Учитывая данные о важной морфогенной роли ГАМК в эмбриогенезе мозга млекопитающих и о нарушении нейрохимической дифференцировки тормозных ГАМКергических нейронов в условиях трансплантации, целью настоящей работы было изучение степени участия ненейрональной ГАМК в развитии и функционировании интрамозговых трансплантатов. Для этого было проведено ультраструктурное иммуноцитохимическое исследование ГАМК, содержащейся в ненейрональных клетках неокортикальных трансплантатов, развивающихся в соматосенсорной области мозга крыс.

МЕТОДЫ ИССЛЕДОВАНИЯ

Для интранеокортикальной трансплантации использовали лабораторных крыс породы Вистар, содержащихся в обычных условиях вивария. Все процедуры с животными проводили под общим нембуталовым наркозом (30–40 мг/кг, внутрибрюшинно); использованные в работе реактивы и антитела были производства Sigma-A-ldrich. В качестве донорского материала для трансплантации служили кусочки эмбрионального мозга из неокортекса 17-дневных плодов. Выделение закладки соматосенсорной области производили под бинокулярной лупой на основании предварительного сравнения гистологических препаратов эмбрионов разного возраста, новорожденных крыс и стереотаксических координат взрослых животных. Для этого делали продольные разрезы на расстоянии 1 мм от средней линии полушария и по самой латеральной части неокортекса, затем поперечным разрезом отсекали фрагмент 1.0–1.5 мм на уровне нижележащей закладки подкоркового септального ядра. Гомотопическую аллотрансплантацию производили в острую полость соматосенсорной области коры взрослых крыс-самцов массой 200–250 г (n = 5) в соответствии со стереотаксическими координатами (AP = +2.0; L = 5.5). Трансплантаты развивались в течение 4 мес., что соответствует срокам достижения тканью in situ взрослого дифференцированного состояния. После этого животных транскардиально перфузировали фиксатором, состоящим из 2.5%-ного раствора формальдегида и 1.0%-ного раствора глутарового альдегида в 0.1М фосфатном буфере при pH 7.4. Затем выделяли область мозга, содержащую нейротрансплантат, промывали в том же буфере и готовили коронарные срезы толщиной 50 мкм на вибротоме (World Precision Instruments). Часть срезов окрашивали крезилвиолетом по Нисслю для рутинного гистологического изучения нейротрансплантатов.

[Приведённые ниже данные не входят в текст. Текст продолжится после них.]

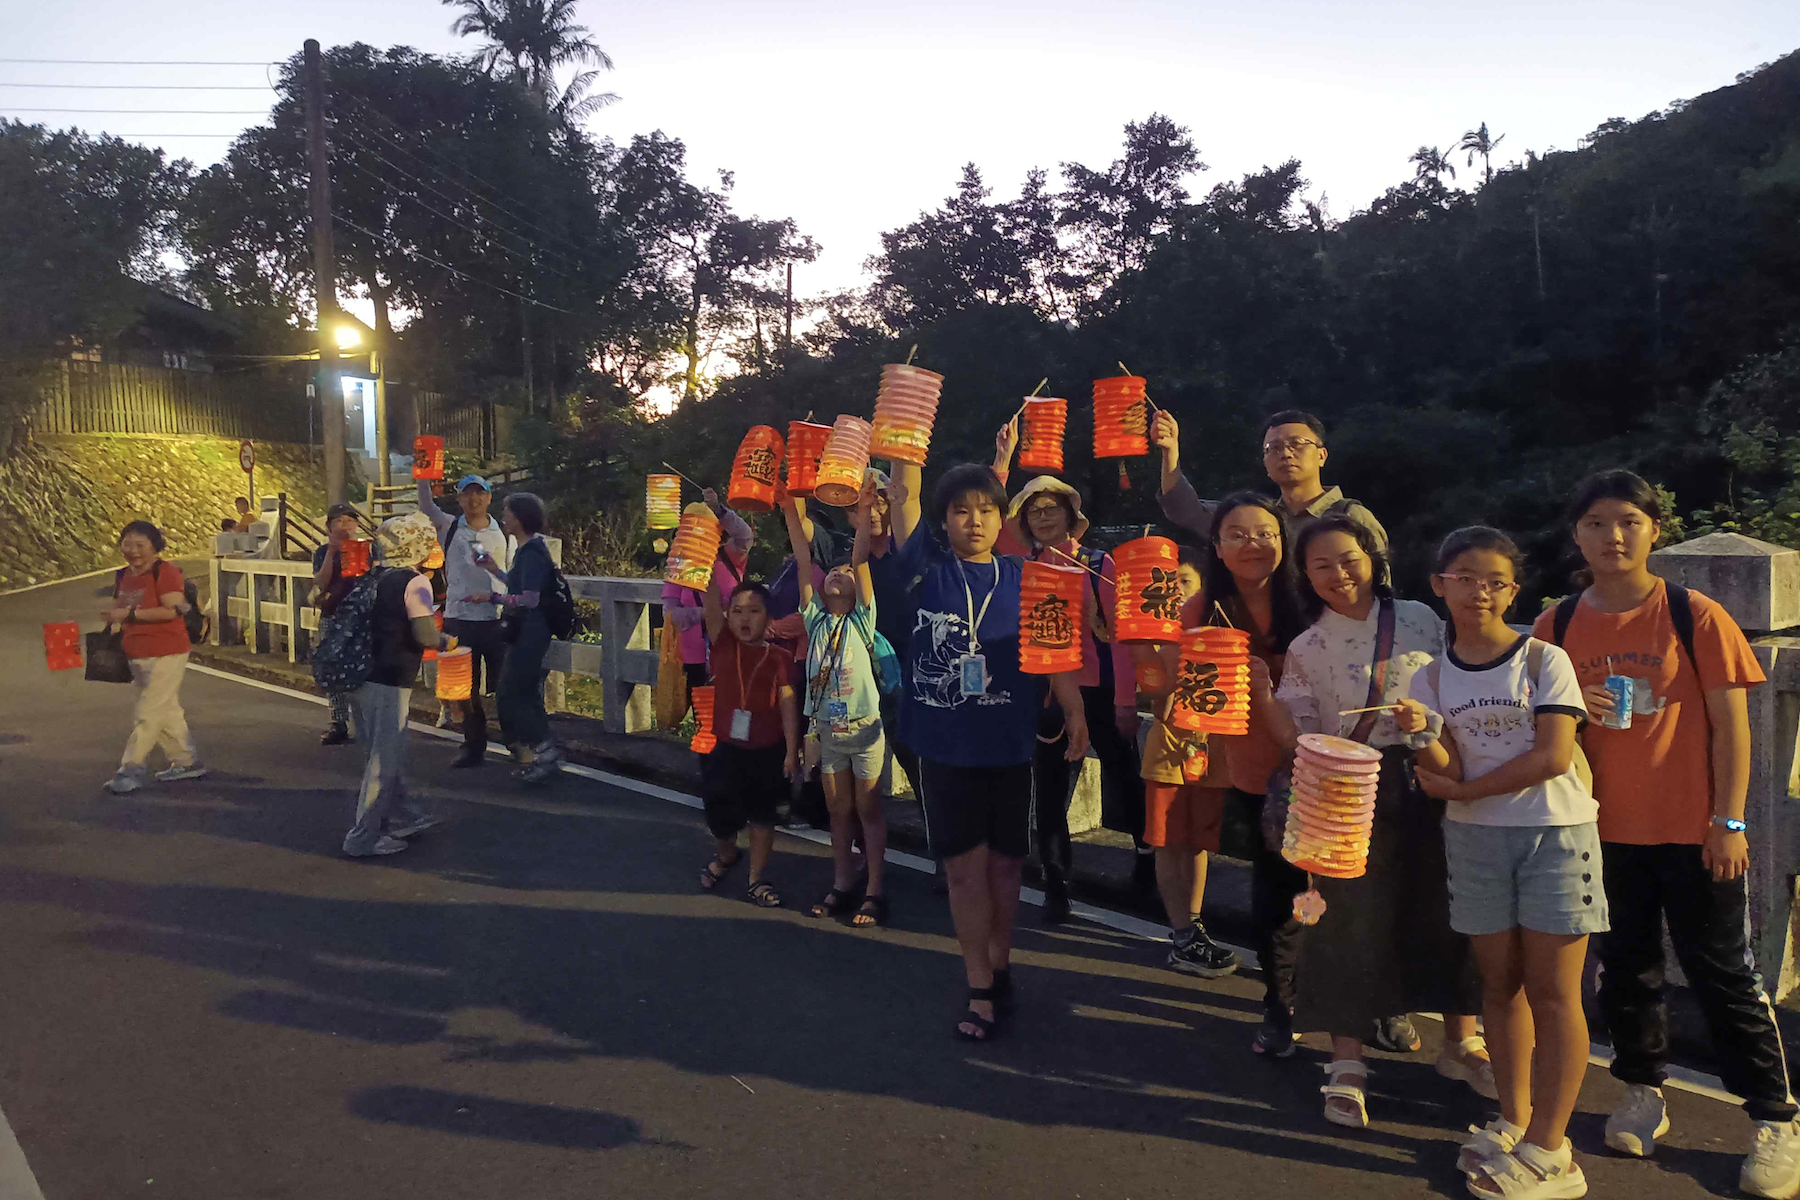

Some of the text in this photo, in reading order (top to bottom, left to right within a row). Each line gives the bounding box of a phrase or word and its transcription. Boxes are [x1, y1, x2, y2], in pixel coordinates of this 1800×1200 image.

[1579, 651, 1664, 674] SUMMER
[1175, 658, 1230, 716] 福
[1449, 696, 1528, 717] food friends

Выявление ГАМК производили на вибротомных тканевых срезах толщиной 50 мкм с их последующей дофиксацией и обработкой для электронной микроскопии, несколько модифицируя ранее описанные протоколы [19]. Сначала срезы погружали в блокирующий раствор 10%-ного бычьего сывороточного альбумина (БСА) в трис-HCl буфере на 30 мин при комнатной температуре. Затем инкубировали в первичных кроличьих антителах к ГАМК (номер А 2052 по каталогу Sigma – Aldrich), разведенных (1 : 1000) в 10%-ном БСА/трис буфере (1 день, во влажной камере, в холодильнике). После нескольких промывок в 1.0%-ном БСА/трис буфере срезы инкубировали во вторичных антикроличьих антителах, конъюгированных с коллоидным золотом (каталожный номер G 7402 Sigma – Aldrich), при разведении 1 : 100 в течение 4 ч при комнатной температуре. Для выявления реакционного продукта использовали авидин-биотин-пероксидазный комплекс и 0.05%-ный раствор 3,3'-диаминобензидина в 0.1М фосфатном буфере. Контрольные образцы обрабатывали теми же реагентами за исключением инкубации в растворе антител против ГАМК. Для ультраструктурного изучения материал дофиксировали 1%-ным раствором четырехокиси осмия, промывали, обезвоживали в серии спиртов восходящей крепости и ацетоне и заливали в эпоксидную смолу Эпон 812. Ультратонкие срезы, контрастированные уранилацетатом и цитратом свинца, исследовали в электронном микроскопе JEOL JEM-100B (Япония). Корректировку яркости и контраста полученных фотонегативов, а также удаление неспецифического фонового окрашивания производили с помощью компьютерной программы Adobe Photoshop.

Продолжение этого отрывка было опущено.